In a cube of 2x2x2 cm cube, we can fit one sphere. There are ( 20 x 20 x 20) / ( 2 x 2 x2) = 1000 cubes or spheres. Diameter of the sphere is 2 cm. In 20 cm side we can place 10 spheres .
Is a cube a sphere?
is that cube is (geometry) a regular polyhedron having six identical square faces while sphere is (geometry) the set of all points in three-dimensional euclidean space (or n -dimensional space, in topology) that are a fixed distance from a fixed point.
What is the ratio of the radius of the spheres which circumscribed and inscribe a cube?
Now how about the sphere that circumscribes the cube? Its diameter is the same as the LONG diagonal of the cube, which is 2√3, so its radius is √3. Its volume is 4π√(3)³/3 = 4π√(3)³/3 = 4π3√3/3 = 4π√3. The ratio of the radii of the two spheres is 1:√3.

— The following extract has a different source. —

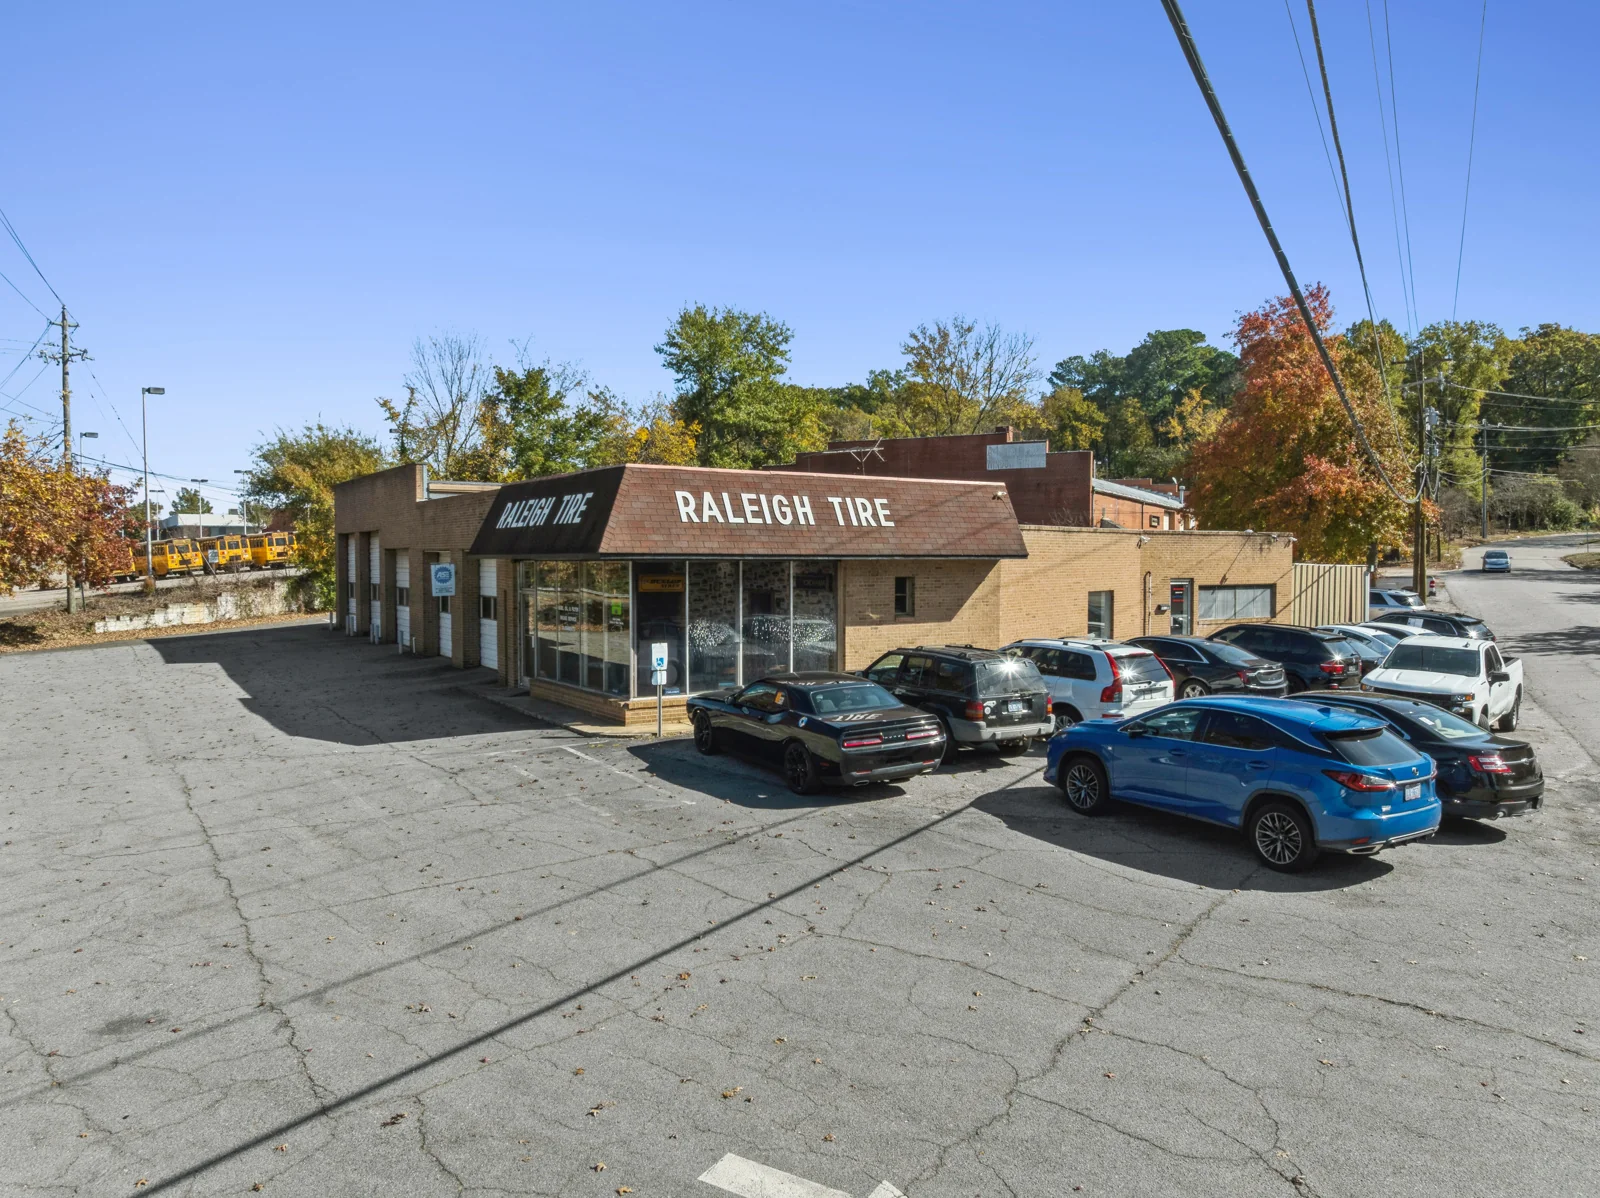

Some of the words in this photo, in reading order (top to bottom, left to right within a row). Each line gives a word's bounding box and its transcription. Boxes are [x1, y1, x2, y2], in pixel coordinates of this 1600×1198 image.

[496, 497, 556, 529] RALEIGH
[553, 492, 594, 525] TIRE
[675, 491, 815, 526] RALEIGH
[828, 497, 895, 527] TIRE

How many balls will fit in a box?
After finding right packing, you can calculate exact value. Well, assuming each ball occupies ~1 cm 3 of space, you have fit in 1,000,000 balls just by having them in a square lattice.

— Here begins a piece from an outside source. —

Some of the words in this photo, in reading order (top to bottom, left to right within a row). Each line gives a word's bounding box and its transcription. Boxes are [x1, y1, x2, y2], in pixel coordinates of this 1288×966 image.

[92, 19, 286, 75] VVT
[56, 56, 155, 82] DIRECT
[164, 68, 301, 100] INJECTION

How many footballs are required to fill a cubical room?
(There is a little space in the box left because the ball is round / does not fit it completely.) Given each wall is 16 feet or 192 inches, 192 inches / 1.5 inches = 128 cubes fit if we place them next to each other. 128 cubes x 128 cubes x 128 cubes = 2.1M.
Which 3D shape has largest volume?
sphere
Interesting fact: Of all shapes with the same surface area, the sphere has the largest volume.
Why is a sphere 2 dimensional?
Twice the radius is called the diameter, and pairs of points on the sphere on opposite sides of a diameter are called antipodes. Regardless of the choice of convention for indexing the number of dimensions of a sphere, the term “sphere” refers to the surface only, so the usual sphere is a two-dimensional surface.
How do you calculate wasted space?
Finally, in order to calculate the amount of wasted space we must subtract the total volume of the 12 cans from the total volume of the box: Therefore is wasted space.
Can a cube have a radius?
The cube is the only regular hexahedron and is one of the five Platonic solids. It has 6 faces, 12 edges, and 8 vertices. The cube is also a square parallelepiped, an equilateral cuboid and a right rhombohedron….Cubical graph[edit]
| Cubical graph | |
|---|---|
| Vertices | 8 |
| Edges | 12 |
| Radius | 3 |
| Diameter | 3 |
Is the diagonal of a cube equal to its side?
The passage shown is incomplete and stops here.